------ DATA ------
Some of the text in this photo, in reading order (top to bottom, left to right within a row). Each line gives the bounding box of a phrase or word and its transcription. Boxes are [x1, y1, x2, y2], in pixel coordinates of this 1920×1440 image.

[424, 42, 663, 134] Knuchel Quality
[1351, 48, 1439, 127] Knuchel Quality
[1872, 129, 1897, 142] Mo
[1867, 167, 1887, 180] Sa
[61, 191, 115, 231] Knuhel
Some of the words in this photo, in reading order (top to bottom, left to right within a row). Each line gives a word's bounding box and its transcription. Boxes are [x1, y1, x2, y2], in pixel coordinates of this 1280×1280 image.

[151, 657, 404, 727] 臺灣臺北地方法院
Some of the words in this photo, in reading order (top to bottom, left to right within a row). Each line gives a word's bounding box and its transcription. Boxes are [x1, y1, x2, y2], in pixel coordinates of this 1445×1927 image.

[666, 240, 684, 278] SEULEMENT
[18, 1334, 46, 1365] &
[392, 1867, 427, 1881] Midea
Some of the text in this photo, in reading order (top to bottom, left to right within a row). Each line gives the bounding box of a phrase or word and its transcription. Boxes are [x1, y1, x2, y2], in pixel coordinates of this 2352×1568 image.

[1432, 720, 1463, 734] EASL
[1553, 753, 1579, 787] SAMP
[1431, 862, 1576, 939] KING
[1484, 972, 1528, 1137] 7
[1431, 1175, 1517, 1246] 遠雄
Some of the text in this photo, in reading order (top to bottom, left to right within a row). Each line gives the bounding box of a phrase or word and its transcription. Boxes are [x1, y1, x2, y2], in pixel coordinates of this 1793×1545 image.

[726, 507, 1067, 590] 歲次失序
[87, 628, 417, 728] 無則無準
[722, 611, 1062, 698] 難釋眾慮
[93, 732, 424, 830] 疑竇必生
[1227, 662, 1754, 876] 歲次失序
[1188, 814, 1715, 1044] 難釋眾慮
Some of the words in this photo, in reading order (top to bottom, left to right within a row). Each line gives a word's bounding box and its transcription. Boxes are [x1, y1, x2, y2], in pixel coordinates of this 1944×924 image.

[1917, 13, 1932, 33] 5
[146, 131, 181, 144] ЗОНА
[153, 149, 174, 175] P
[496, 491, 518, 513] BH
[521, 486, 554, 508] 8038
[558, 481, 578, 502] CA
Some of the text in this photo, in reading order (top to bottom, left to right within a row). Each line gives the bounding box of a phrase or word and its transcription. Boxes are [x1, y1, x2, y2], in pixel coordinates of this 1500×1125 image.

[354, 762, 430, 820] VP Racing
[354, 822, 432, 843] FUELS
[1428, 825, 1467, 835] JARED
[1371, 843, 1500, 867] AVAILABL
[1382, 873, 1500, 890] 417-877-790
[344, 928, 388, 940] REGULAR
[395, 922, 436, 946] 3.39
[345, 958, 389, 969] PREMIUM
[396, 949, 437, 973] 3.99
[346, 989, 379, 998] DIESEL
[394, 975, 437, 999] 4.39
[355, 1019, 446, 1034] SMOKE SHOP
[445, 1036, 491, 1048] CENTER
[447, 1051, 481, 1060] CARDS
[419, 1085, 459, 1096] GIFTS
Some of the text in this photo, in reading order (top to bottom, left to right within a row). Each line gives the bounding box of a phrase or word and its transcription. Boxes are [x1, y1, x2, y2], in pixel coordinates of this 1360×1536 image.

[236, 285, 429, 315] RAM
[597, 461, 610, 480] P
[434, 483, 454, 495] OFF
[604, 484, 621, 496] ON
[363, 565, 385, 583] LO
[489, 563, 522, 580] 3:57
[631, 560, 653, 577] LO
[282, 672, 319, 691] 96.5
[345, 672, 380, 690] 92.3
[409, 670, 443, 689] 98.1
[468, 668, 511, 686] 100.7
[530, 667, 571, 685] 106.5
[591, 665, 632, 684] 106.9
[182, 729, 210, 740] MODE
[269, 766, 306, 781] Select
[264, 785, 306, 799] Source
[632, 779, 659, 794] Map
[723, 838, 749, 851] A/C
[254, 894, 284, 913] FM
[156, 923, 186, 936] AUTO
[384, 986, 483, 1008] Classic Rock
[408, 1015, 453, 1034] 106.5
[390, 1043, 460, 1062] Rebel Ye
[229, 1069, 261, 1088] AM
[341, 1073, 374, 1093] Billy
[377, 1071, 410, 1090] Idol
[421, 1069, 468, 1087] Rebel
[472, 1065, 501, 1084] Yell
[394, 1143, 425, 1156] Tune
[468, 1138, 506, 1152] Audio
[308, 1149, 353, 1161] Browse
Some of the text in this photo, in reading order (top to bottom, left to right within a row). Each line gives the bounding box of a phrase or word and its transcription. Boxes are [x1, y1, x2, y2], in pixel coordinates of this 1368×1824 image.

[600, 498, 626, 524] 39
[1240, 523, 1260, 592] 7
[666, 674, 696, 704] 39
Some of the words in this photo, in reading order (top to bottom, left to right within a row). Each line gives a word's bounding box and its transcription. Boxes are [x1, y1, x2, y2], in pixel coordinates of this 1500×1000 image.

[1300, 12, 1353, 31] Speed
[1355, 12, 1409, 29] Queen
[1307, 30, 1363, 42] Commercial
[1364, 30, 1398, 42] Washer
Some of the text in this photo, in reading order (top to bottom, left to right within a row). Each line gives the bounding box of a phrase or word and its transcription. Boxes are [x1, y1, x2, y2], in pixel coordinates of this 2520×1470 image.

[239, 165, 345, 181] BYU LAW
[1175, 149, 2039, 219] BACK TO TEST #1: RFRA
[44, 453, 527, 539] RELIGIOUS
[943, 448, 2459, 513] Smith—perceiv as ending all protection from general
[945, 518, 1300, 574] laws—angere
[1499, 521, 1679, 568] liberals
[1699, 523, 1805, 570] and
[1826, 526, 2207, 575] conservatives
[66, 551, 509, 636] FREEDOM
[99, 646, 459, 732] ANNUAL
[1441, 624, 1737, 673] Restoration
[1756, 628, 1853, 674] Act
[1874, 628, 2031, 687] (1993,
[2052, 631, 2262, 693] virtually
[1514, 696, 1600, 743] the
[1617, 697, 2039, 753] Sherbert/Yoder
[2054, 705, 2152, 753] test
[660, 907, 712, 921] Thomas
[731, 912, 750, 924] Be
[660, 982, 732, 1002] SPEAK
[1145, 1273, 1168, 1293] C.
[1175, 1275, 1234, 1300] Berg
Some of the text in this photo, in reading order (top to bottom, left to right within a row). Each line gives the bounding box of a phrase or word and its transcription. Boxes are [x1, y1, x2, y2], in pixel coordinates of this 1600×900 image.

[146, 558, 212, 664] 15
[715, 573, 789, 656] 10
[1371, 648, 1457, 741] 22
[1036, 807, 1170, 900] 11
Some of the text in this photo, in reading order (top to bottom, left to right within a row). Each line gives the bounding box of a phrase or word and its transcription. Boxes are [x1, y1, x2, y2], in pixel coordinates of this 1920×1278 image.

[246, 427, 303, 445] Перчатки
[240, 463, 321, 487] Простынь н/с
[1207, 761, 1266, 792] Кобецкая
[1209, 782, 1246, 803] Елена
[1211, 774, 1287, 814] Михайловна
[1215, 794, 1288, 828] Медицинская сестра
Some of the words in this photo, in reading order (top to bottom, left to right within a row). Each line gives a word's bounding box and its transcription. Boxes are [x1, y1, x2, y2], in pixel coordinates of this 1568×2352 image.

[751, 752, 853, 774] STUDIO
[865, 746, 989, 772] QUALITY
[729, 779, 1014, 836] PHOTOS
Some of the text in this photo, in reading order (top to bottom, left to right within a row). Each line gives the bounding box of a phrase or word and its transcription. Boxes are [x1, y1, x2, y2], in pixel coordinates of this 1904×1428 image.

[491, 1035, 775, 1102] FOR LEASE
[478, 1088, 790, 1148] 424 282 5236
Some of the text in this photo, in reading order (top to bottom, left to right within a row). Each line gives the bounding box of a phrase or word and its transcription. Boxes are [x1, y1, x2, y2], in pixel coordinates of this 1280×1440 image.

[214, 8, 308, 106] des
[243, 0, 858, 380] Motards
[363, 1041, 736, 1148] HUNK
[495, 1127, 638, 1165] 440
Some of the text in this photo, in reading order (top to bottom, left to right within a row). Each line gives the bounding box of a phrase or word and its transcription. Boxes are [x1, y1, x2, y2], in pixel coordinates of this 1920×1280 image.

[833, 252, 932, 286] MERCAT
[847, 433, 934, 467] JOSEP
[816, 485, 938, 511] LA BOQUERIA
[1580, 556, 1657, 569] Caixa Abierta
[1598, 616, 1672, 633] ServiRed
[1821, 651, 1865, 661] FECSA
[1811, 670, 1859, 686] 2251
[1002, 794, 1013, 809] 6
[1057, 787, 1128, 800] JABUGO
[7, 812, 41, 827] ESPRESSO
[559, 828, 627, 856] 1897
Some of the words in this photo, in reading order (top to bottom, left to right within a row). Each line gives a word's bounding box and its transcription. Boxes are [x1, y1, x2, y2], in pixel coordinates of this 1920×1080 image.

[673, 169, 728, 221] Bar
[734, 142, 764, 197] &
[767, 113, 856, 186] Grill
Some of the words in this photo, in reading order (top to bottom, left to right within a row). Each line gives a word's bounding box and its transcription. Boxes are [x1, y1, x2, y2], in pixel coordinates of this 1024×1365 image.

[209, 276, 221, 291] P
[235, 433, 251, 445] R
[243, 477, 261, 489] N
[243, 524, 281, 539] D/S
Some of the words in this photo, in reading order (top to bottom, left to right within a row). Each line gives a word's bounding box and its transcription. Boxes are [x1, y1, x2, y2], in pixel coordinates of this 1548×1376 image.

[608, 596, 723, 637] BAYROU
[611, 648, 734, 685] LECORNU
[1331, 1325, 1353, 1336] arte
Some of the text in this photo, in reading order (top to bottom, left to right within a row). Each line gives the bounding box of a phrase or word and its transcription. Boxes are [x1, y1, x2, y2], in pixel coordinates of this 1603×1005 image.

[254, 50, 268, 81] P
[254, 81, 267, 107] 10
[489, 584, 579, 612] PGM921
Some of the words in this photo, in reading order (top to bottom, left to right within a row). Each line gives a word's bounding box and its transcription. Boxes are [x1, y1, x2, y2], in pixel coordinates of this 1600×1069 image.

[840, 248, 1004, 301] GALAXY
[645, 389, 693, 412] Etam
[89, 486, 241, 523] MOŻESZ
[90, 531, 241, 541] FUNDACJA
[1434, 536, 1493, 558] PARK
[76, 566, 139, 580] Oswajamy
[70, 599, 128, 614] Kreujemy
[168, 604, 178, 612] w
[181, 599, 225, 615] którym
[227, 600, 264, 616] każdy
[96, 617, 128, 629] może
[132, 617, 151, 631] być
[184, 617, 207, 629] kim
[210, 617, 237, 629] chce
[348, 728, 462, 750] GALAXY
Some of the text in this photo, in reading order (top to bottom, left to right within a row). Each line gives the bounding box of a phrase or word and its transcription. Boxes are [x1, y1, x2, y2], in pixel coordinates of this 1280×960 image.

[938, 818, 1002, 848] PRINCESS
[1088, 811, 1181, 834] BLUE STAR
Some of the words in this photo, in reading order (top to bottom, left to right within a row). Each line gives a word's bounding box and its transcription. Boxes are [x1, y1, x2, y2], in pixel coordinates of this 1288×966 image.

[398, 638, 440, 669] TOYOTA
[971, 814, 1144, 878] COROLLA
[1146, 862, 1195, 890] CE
------
### REQUIRED ACTION
The lines to quote run from the one containing "this 1288×966 image." through the final line of the material above; please give them exactly, both ends included, and nothing else.

### RESPONSE FOR THIS EXERCISE
Some of the words in this photo, in reading order (top to bottom, left to right within a row). Each line gives a word's bounding box and its transcription. Boxes are [x1, y1, x2, y2], in pixel coordinates of this 1288×966 image.

[398, 638, 440, 669] TOYOTA
[971, 814, 1144, 878] COROLLA
[1146, 862, 1195, 890] CE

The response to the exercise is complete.